24 images : Avez-vous été journaliste ? 

S. Alva­rez : Oui. J’ai été direc­teur d’une revue syn­di­cale et j’ai écrit pour dif­fé­rents jour­naux et revues révo­lu­tion­naires. Mais, je n’ai pas été for­mé en jour­na­lisme : j’ai étu­dié la méde­cine et la phi­lo­so­phie. Le jour­na­lisme et le ciné­ma sont des choses que j’ai apprises en travaillant.

- 24 images : Com­ment avez-vous com­men­cé à faire des films en uti­li­sant des maté­riaux de pro­ve­nances diverses : archives, pho­to­gra­phies, etc. ? 

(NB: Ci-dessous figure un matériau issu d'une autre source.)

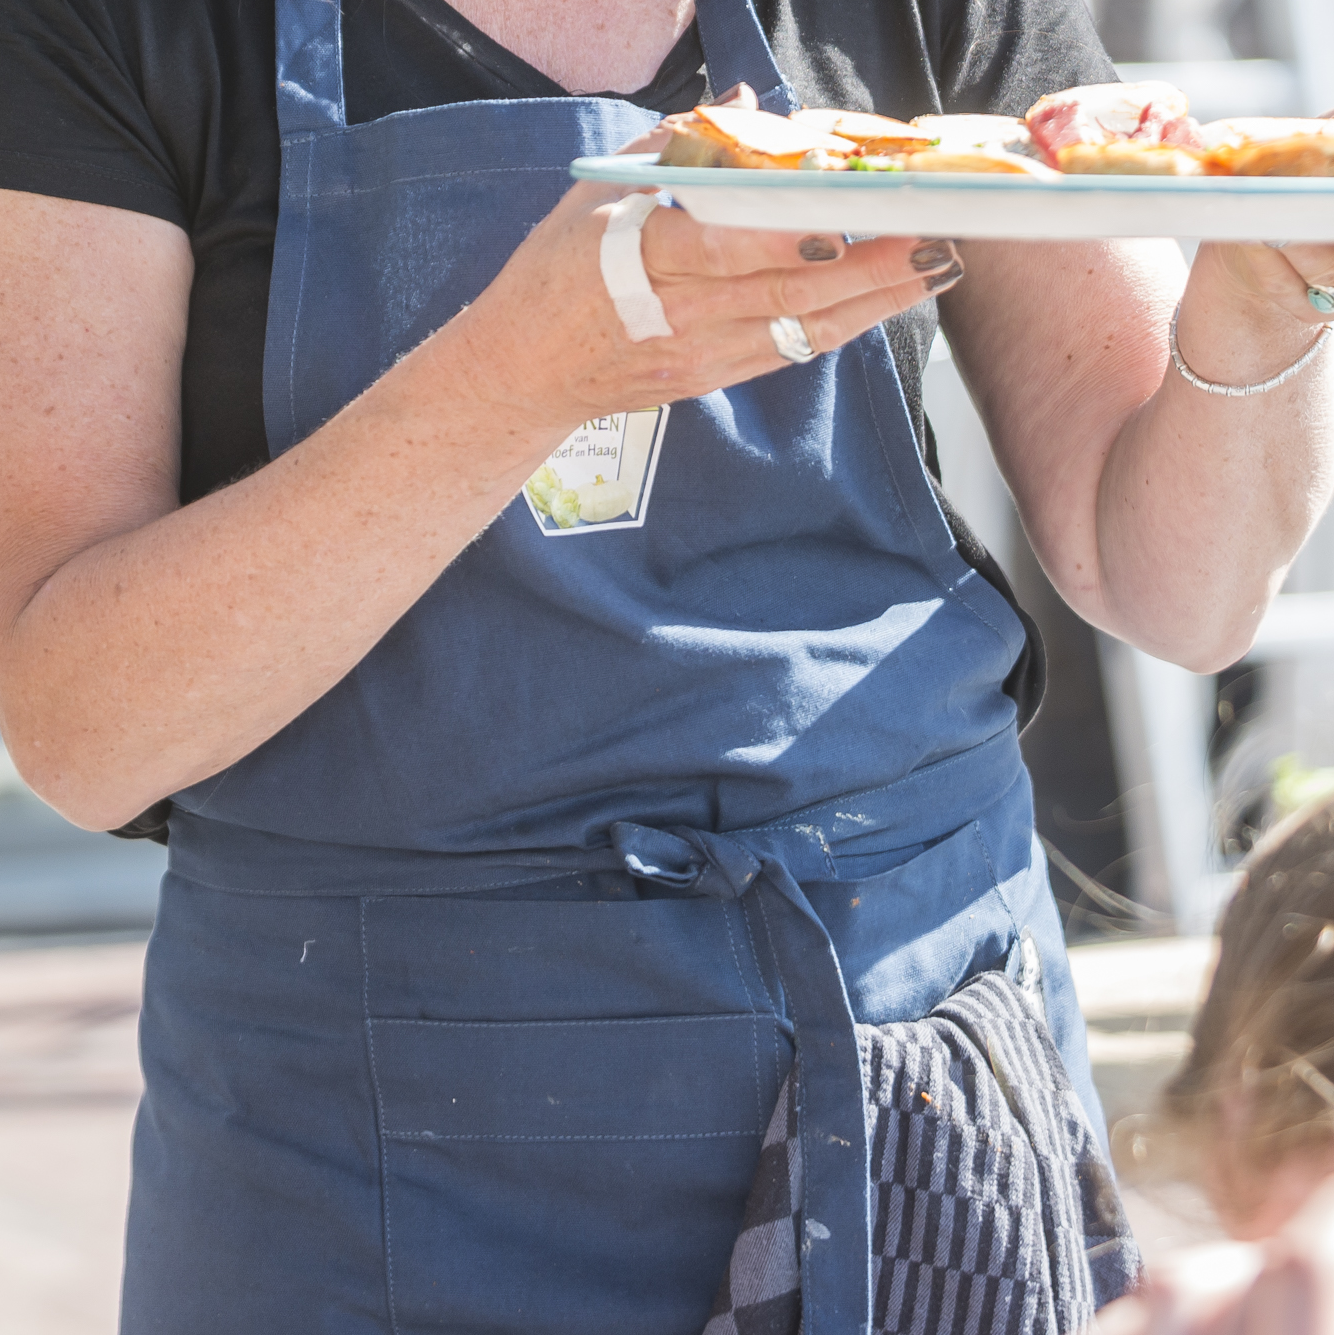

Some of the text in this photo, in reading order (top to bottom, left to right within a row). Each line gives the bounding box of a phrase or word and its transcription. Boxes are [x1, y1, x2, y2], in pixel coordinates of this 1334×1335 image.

[551, 443, 617, 459] oef en Haag

S. Alva­rez : La néces­si­té est presque tou­jours à la source de la créa­tion. Par exemple, lorsque j’ai fait Now, j’é­tais allé aux États-Unis et j’a­vais vécu la dis­cri­mi­na­tion raciale. C’é­tait en 1939 et en 1940. Des amis noirs amé­ri­cains m’ont fait cadeau d’un disque de Lena Horne sur lequel il y avait la chan­son Now. A par­tir de là j’ai déci­dé de faire un film de six minutes, soit la durée de la chan­son. C’é­tait le pre­mier vidéo­clip de l’his­toire. Mais, je ne pou­vais pas aller fil­mer aux Etats-Unis. J’ai donc uti­li­sé des pho­to­gra­phies décou­pées dans les maga­zines amé­ri­cains — des images de Lin­coln, de Luther King, d’in­ci­dents raciaux — ain­si que des images d’ac­tua­li­té. J’ai fil­mé les pho­to­gra­phies à la table d’a­ni­ma­tion et j’ai appris que l’on pou­vait faire bou­ger des pho­tos fixes. J’ai orga­ni­sé le maté­riel de manière syn­co­pée et frap­pante, mon­tant l’i­mage avec rage à par­tir de la musique. En trois jours le film était mon­té. En une semaine tout avait été fait. Dans mes films sui­vants, j’ai sou­vent uti­li­sé de nou­veau des pho­tos, mais aus­si des pein­tures, des gra­phiques, des cari­ca­tures et du texte écrit.

-2.jpg

Je n’ai pas besoin des écrits de Marx ni de la per­mis­sion de Fidel pour avoir une sen­si­bi­li­té humaniste.

24 images : Jus­te­ment, par­lez-nous de votre uti­li­sa­tion des carac­tères typographiques. 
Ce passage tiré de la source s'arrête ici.